- **ASSIGNMENT**: Images are not part of the copy; transcribe all the data exactly.

::::::::

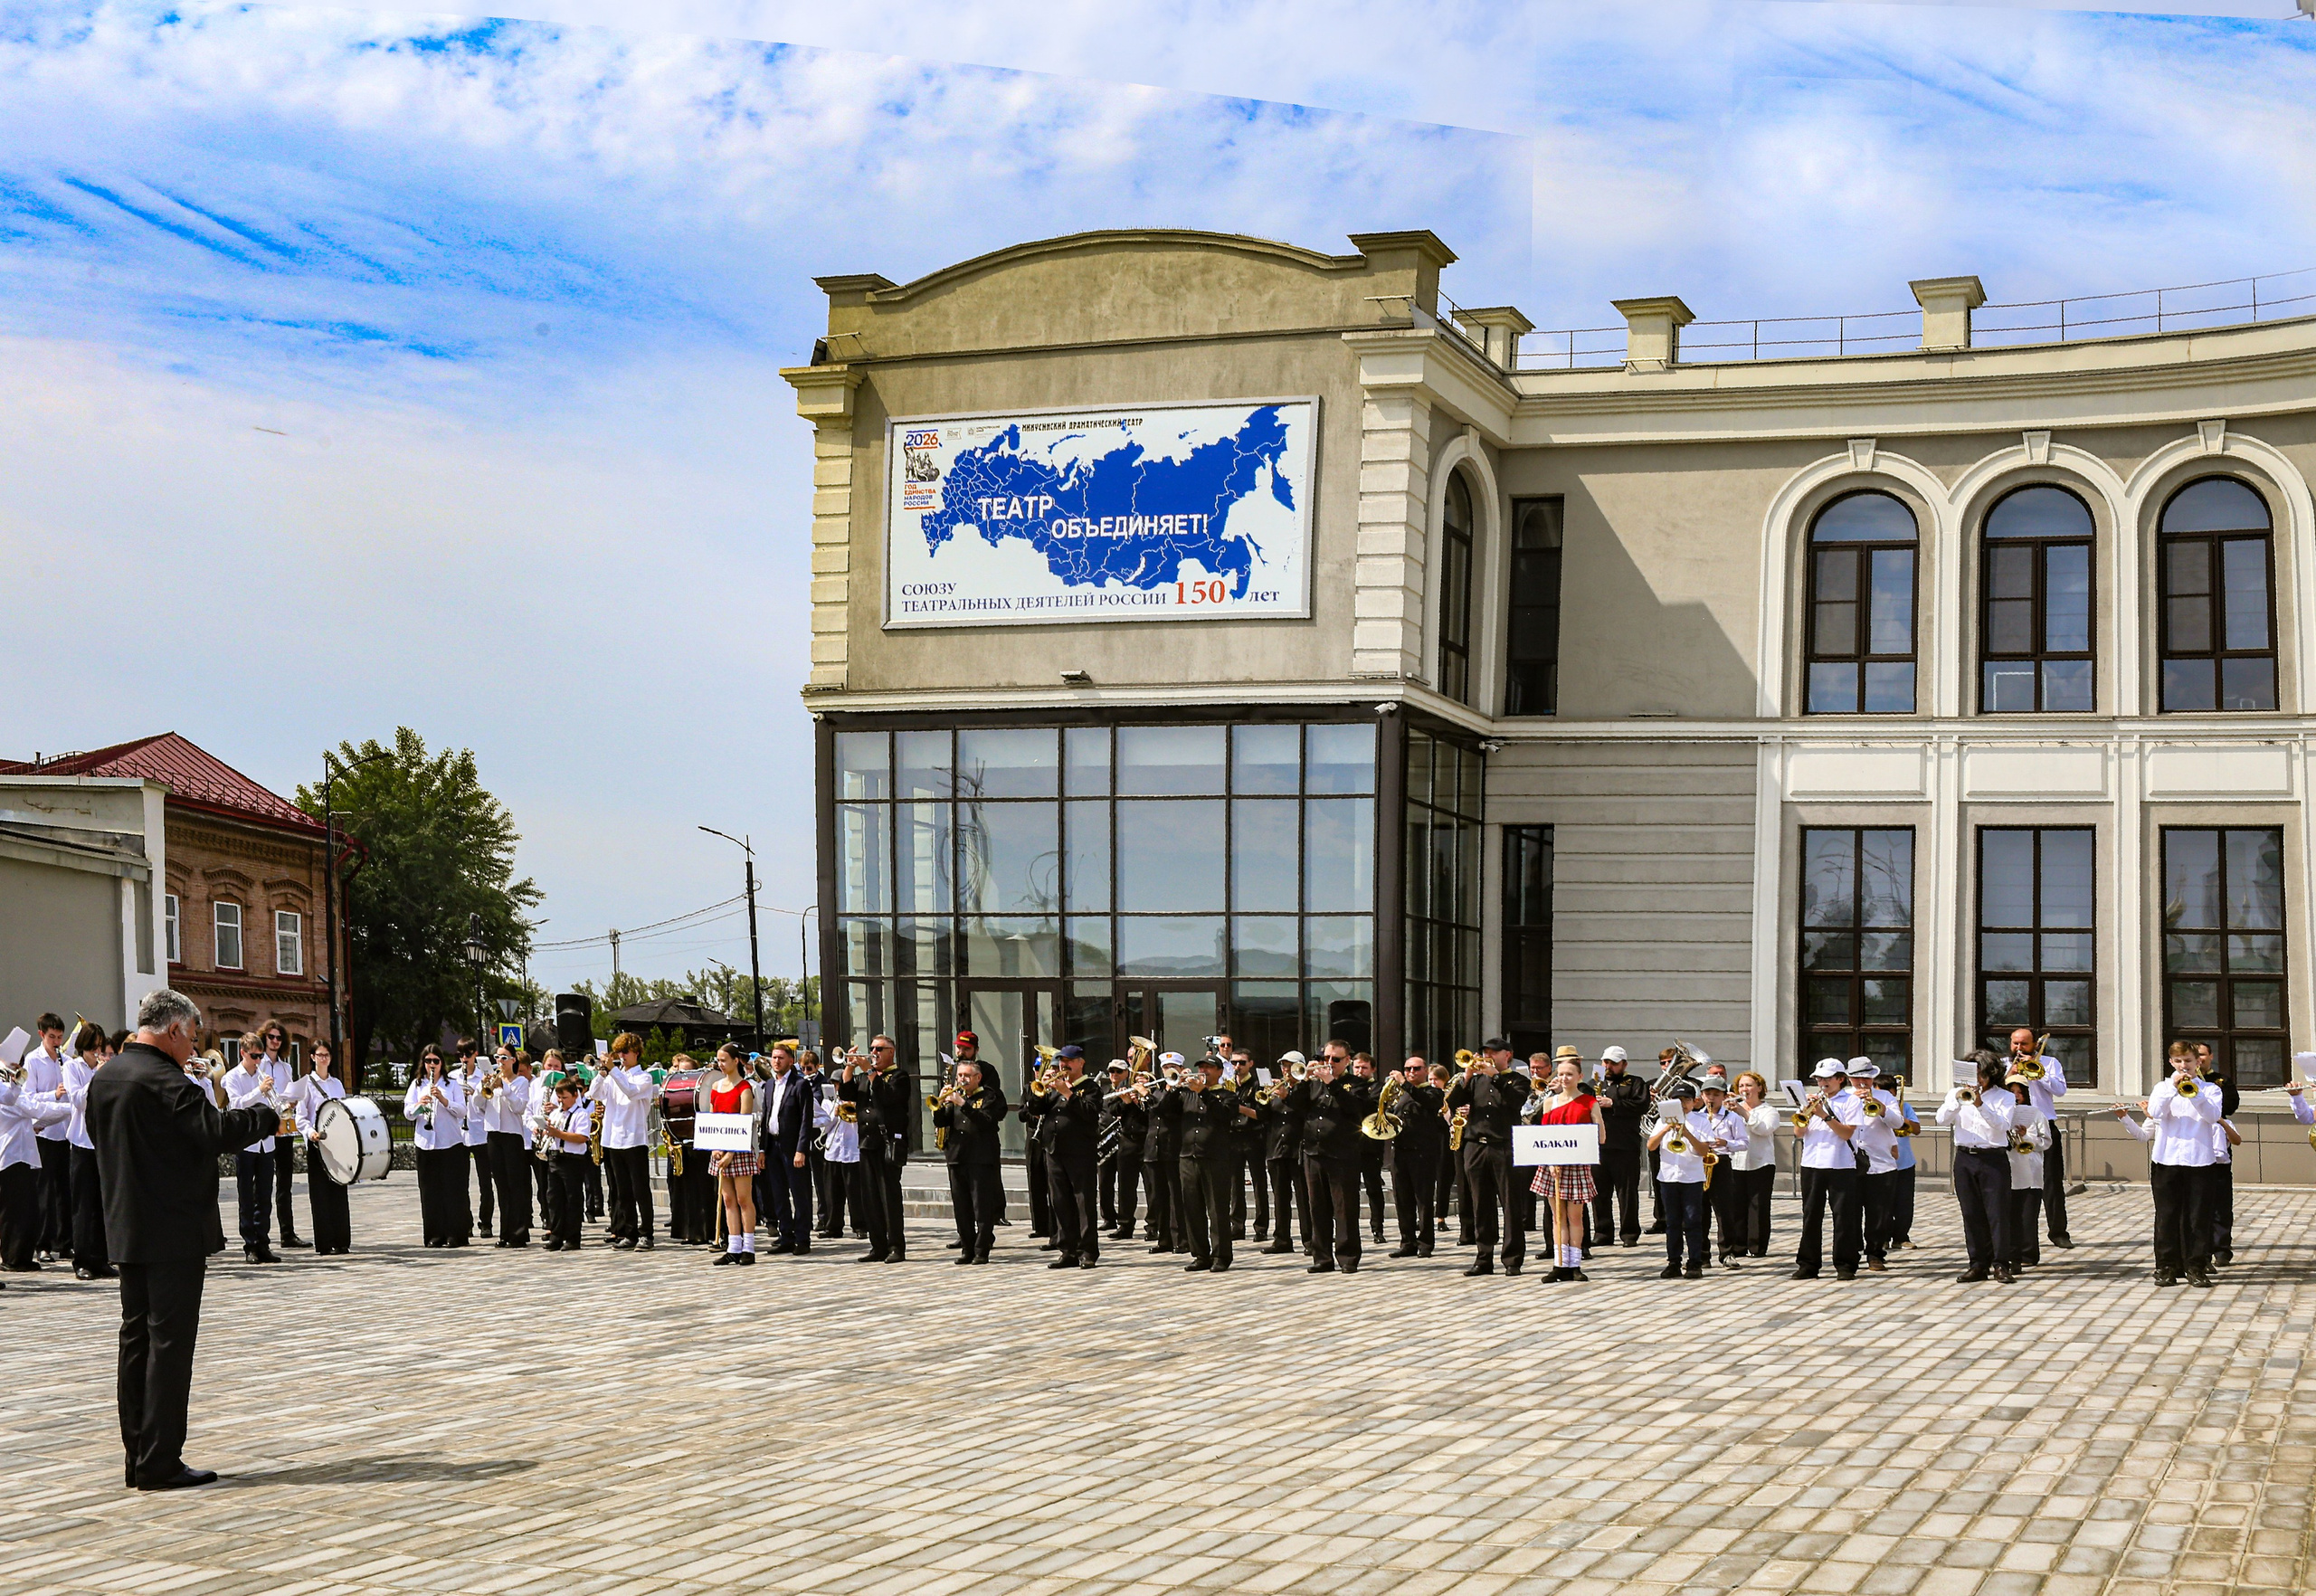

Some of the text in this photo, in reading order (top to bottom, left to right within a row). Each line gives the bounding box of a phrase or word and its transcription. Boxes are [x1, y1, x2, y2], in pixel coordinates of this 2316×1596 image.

[906, 432, 938, 446] 2026
[977, 495, 1054, 520] ТЕАТР
[1051, 514, 1209, 540] ОБЪЕДИНЯЕТ!
[901, 583, 957, 596] СОЮЗУ
[901, 580, 1280, 613] ТЕАТРАЛЬНЫХ ДЕЯТЕЛЕЙ РОССИИ 150 лет
[698, 1126, 748, 1135] МИНУСИНСК
[1533, 1139, 1578, 1149] АБАКАН

::::::::

- **FINISHED TASK**:
Some of the text in this photo, in reading order (top to bottom, left to right within a row). Each line gives the bounding box of a phrase or word and its transcription. Boxes are [x1, y1, x2, y2], in pixel coordinates of this 2316×1596 image.

[906, 432, 938, 446] 2026
[977, 495, 1054, 520] ТЕАТР
[1051, 514, 1209, 540] ОБЪЕДИНЯЕТ!
[901, 583, 957, 596] СОЮЗУ
[901, 580, 1280, 613] ТЕАТРАЛЬНЫХ ДЕЯТЕЛЕЙ РОССИИ 150 лет
[698, 1126, 748, 1135] МИНУСИНСК
[1533, 1139, 1578, 1149] АБАКАН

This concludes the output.